Preserve System State

First and foremost, when you are trying to troubleshoot why something is not working, you want to preserve the system state for examination. I cannot emphasize this enough... especially when you want someone else to help you. I can tell you that developers will not even look at your issues unless you give them the exact state that triggers the issue, and their rationale is simple - they want to diagnose the actual issue... not some psuedo or related issue. Only the Real Thing.

Thus, you want to treat the system more like a "crime scene" where you take measured steps around the chalk figures, take non-destructive samples, record the location of everything, etc... If you must make changes, make note of the order in which you do them as well as any consequential effects. I prefer to keep a little temporary "journal" in notpad.exe of my actions - so that I remember what I did, why I did them, and in what order... so that subtle patterns may emerge in later analysis without needing to gather data again.

For example, RESIST the urge to try to uninstall/reinstall IIS, change filesystem ACLs to wide-open, make user accounts to be administrator, or lower security settings on the server or in the browser just to see if things work. These sorts of actions merely destroy system state such that you may never know *why* something started working (and since you destroyed system state, no one else can help re-interpret for you)... so you never know *how* to deal with it in the future. In other words, you fail to learn and grow from the experience, and it can only cost you more time/effort in the future. Resist the urge to snap up short-term gains and focus on the long-term benefit. Simply finding solutions is ok; learning how to solve a class of problems is even better. Gee... these same ideas apply to life equally well... ;-)

This is why on newsgroups/Q&A, when someone tells me that they reinstalled, wiped ACLs, changed Administrators, etc during their "troubleshooting", I simply have to turn off and stop helping them... not because I do not care... but because at that point I am no longer dealing with the original issue but some new meta-issue.

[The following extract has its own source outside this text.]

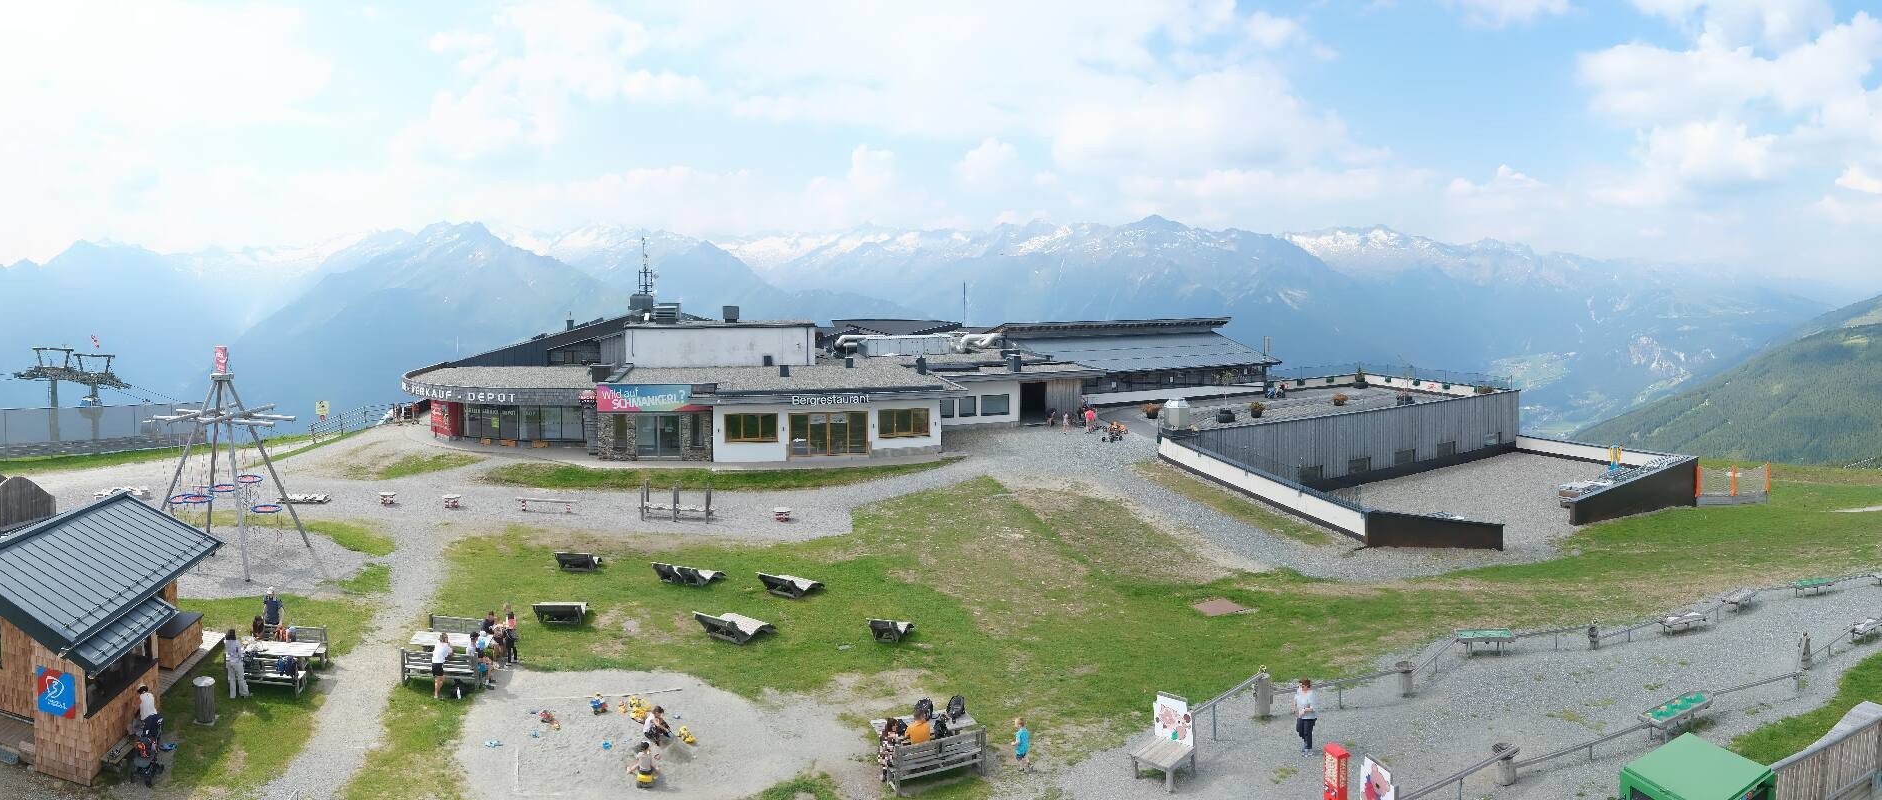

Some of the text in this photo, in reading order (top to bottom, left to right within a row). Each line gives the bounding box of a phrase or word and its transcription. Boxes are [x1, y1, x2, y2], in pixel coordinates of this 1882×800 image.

[468, 391, 516, 403] DEPOT
[602, 387, 639, 399] Wild auf
[791, 394, 870, 406] Bergrestaurant

Now, I know that some of you enjoy "troubleshooting" by tinkering around with settings in the UI to see if any combination works and if it does, great. But realize that this simply means that you condemn yourself to be limited by whatever is accessible via the UI, and in the case of an open platform like IIS, understanding fundamentals of how things plug together is really important because the UI simply cannot and does not represent all useful interactions. Thus, the astute reader should notice that I never write a blog entry from the perspective of the UI but always from the perspective of the IIS Core Server and what is going on... and the UI is merely a means to configure the necessary settings as appropriate.

In general, I prefer to the classic warfare approach of first gathering and analyzing my "recon data" before formulating any strategy and making any intrusive deployments and movements...

Useful Logs

A common pitfall that I see users fall into is to claim:

I did not see any useful errors in X, so I decided to do something more drastic.

While I understand that users are trained to look for errors in a variety of places (Event Log seems to be a common place where people expect everything to be logged), and IIS does not log everything everywhere (and certainly does not flood the event log), it pays to be patient. Even when I am dealing with some system I do not fully understand (like the Windows Firewall, Exchange, SQL...), I still first search the web for any diagnostic aid, search the filesystem/registry for any log file clues, etc... before trying anything else... simply because I value preserving system state.

The most valuable log files for IIS6 (and their locations) are:

  • HTTP.SYS Error Log - %windir%\System32\LogFiles\HTTPERR (Default location; configurable)
  • IIS Website Log - %windir%\System32\LogFiles\W3SVC# (Default location; configurable) **
  • Event Log (both System and Application)

** I'm not going to complicate things with Centralized Binary Logging and such... because the point of the logfile remains the same; just location differs. Materially it does not change the discussion nor rationale.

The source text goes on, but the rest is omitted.